Today, the cost of aviation fuel remains one of the most unpredictable issues facing the industry, uncertainty that’s exacerbated by the war in Ukraine and ongoing troubles in the Middle East.1 The industry is also under increasing pressure to reduce its carbon footprint and other climate impacts from governments, shareholders, grassroots initiatives, and green-conscious consumers inspired by celebrity climate activists like Greta Thunberg, who has challenged consumers to consider their participation in air travel through “flight shaming.”2

Airlines are preparing for future disruptions by digitally transforming aircraft operations and other commercial activities to make them more resilient and competitive in the face of current and future threats. This includes investing in artificial intelligence (AI) and supporting technologies, specifically cloud computing, big data, machine learning (ML) and other advanced analytics, computer vision, and the Internet of Things (IoT).

This article examines how airlines are striving to remain competitive and respond to threats in turbulent times by applying AI, cloud, and analytics technologies in two main areas:

  1. Flight operations, such as flight planning/routing and crew planning/scheduling

  2. Ground operations, such as gate assignments, maintenance, and other aircraft turnaround operations

Mass Movement to the Cloud

Airlines are increasingly moving their IT operations to the cloud to alleviate issues associated with modernizing their legacy systems and to leverage the dynamic scaling capabilities of cloud architectures and applications. This includes more efficiently implementing new applications that can take advantage of AI, IoT, ML, mobile, and other emerging technologies. Over the past few years, many major airlines have announced partnerships or undertaken important projects with leading cloud-platform providers:

  • American Airlines. Microsoft Azure is the preferred cloud platform for this airline’s digital transformation efforts. This includes migrating its strategic operational workloads (data warehousing and legacy applications) into a single operations hub running on Azure, which the airline sees as essential to increasing the efficiency of its operations and meeting its sustainability goals.3

  • Delta Airlines. Delta is using Amazon Web Services (AWS) as its main cloud provider, including its digital business transformation efforts and developing secure infrastructure that will support more data-driven insights. Delta is training employees on AWS to increase cloud adoption and further the development of client-facing and internal applications.4

  • Lufthansa Airlines. Although it’s using several cloud providers (AWS, Microsoft Azure, and Google), Lufthansa has made Google a strategic partner in optimizing its airline operations. This includes combining previously disparate systems and data sources into a unified platform using Google’s cloud infrastructure and ML capabilities.5

  • Scandinavian Airlines. This airline is using Microsoft Azure to lower infrastructure costs and gain agility for its development teams, including Azure data center services and ML tools to build predictive models to support its operations.6

  • Southwest Airlines. Southwest is using AWS, its preferred provider, to carry out a large-scale modernization of its data architecture using a cloud data warehouse. The airline plans to deliver cloud-based analytics to data scientists, analysts, and business users across all of its operations.7

  • Swiss International Airlines. This airline has a broad partnership with Google to use cloud technology, including AI. It has developed a flight-operations platform that integrates data from various operating units to make the airline more efficient and sustainable.8

  • United Airlines. United uses AWS as its preferred cloud provider, including supporting its digital innovation initiatives with cloud-based ML, IoT, analytics, data management, computing, storage, and security services.9

Note that many of the AI applications discussed in this article were developed and deployed on commercial cloud platforms.

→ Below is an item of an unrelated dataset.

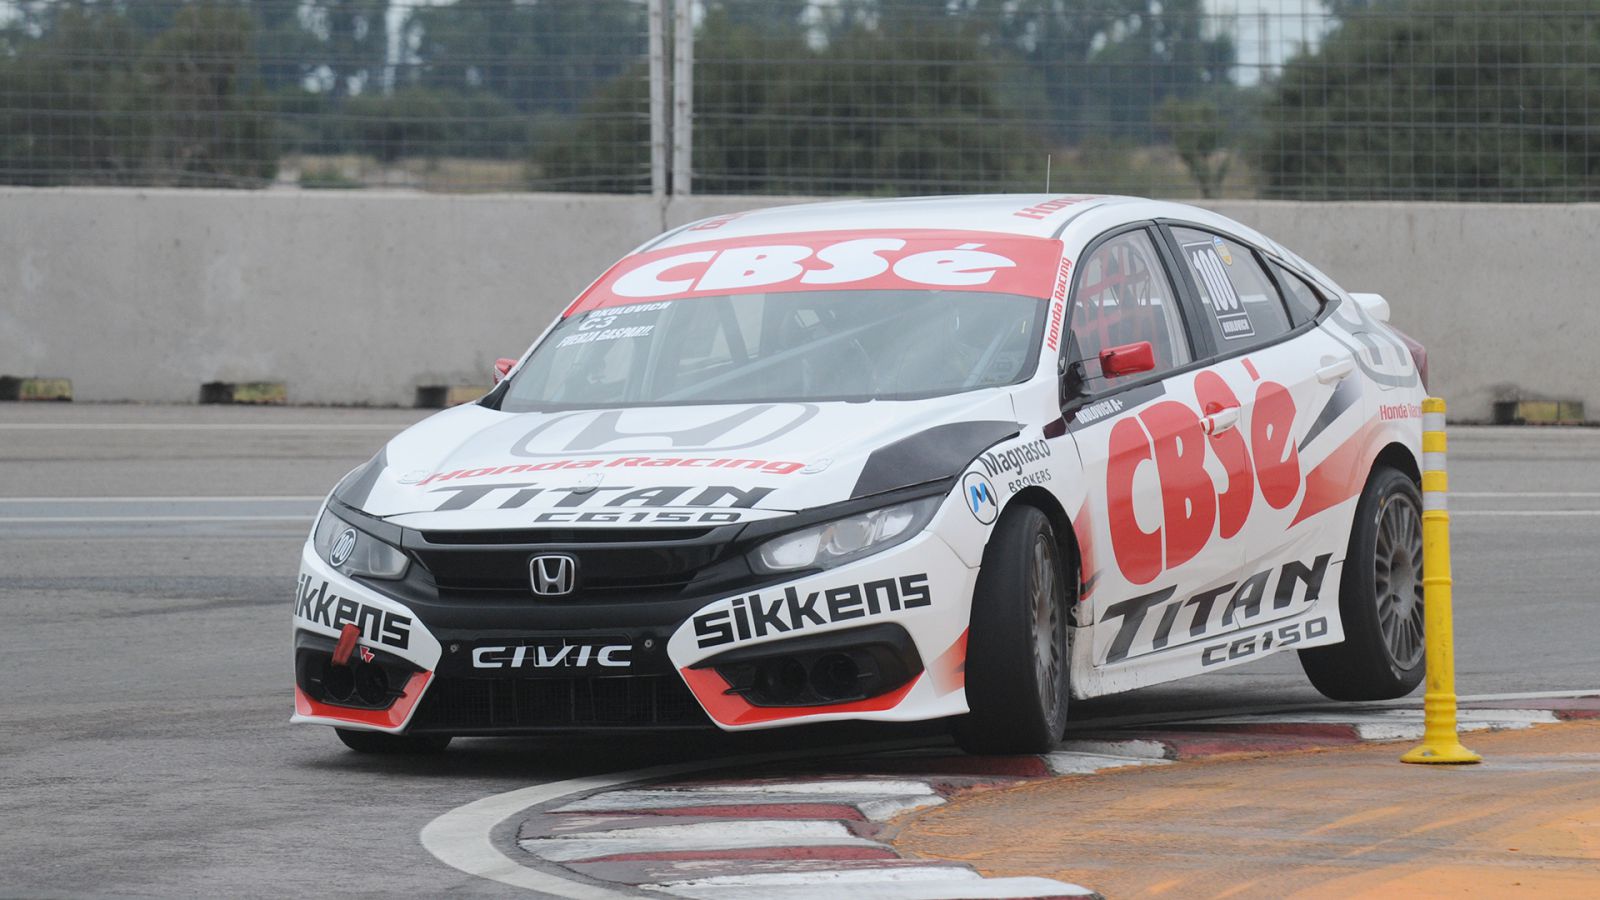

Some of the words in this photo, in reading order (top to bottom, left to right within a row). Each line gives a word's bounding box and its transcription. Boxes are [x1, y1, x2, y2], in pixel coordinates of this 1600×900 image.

AI Applications for Flight Operations

Flight operations involve a range of activities necessary for the safe and efficient operation of aircraft. Table 1 provides an overview of AI applications in use or under development by airlines for flight operations. These applications do not represent all those deployed or in development, but they are a good cross-section of the types of applications airlines are developing and the technologies they are using.

According to the information provided in Table 1, airlines are applying AI to support flight operations in two main areas:

  1. Flight planning, such as assisting planners in developing more optimized and fuel-efficient routes

  2. Crew planning and scheduling, such as helping airlines solve crew-staffing problems

Table 1. AI airline applications for flight operations — flight planning/routing/fuel optimization/aircraft utilization/crew scheduling/sustainability/recovery
Table 1. AI airline applications for flight operations — flight planning/routing/fuel optimization/aircraft utilization/crew scheduling/sustainability/recovery

In general, airlines are implementing AI applications with the goal of applying prediction, analysis, and forecasting capabilities to add flexibility and resiliency to their operations (including more efficient utilization of aircraft and support services and the ability to recover quickly and efficiently from disruptions) and to support their customer experience (CX) and sustainability initiatives.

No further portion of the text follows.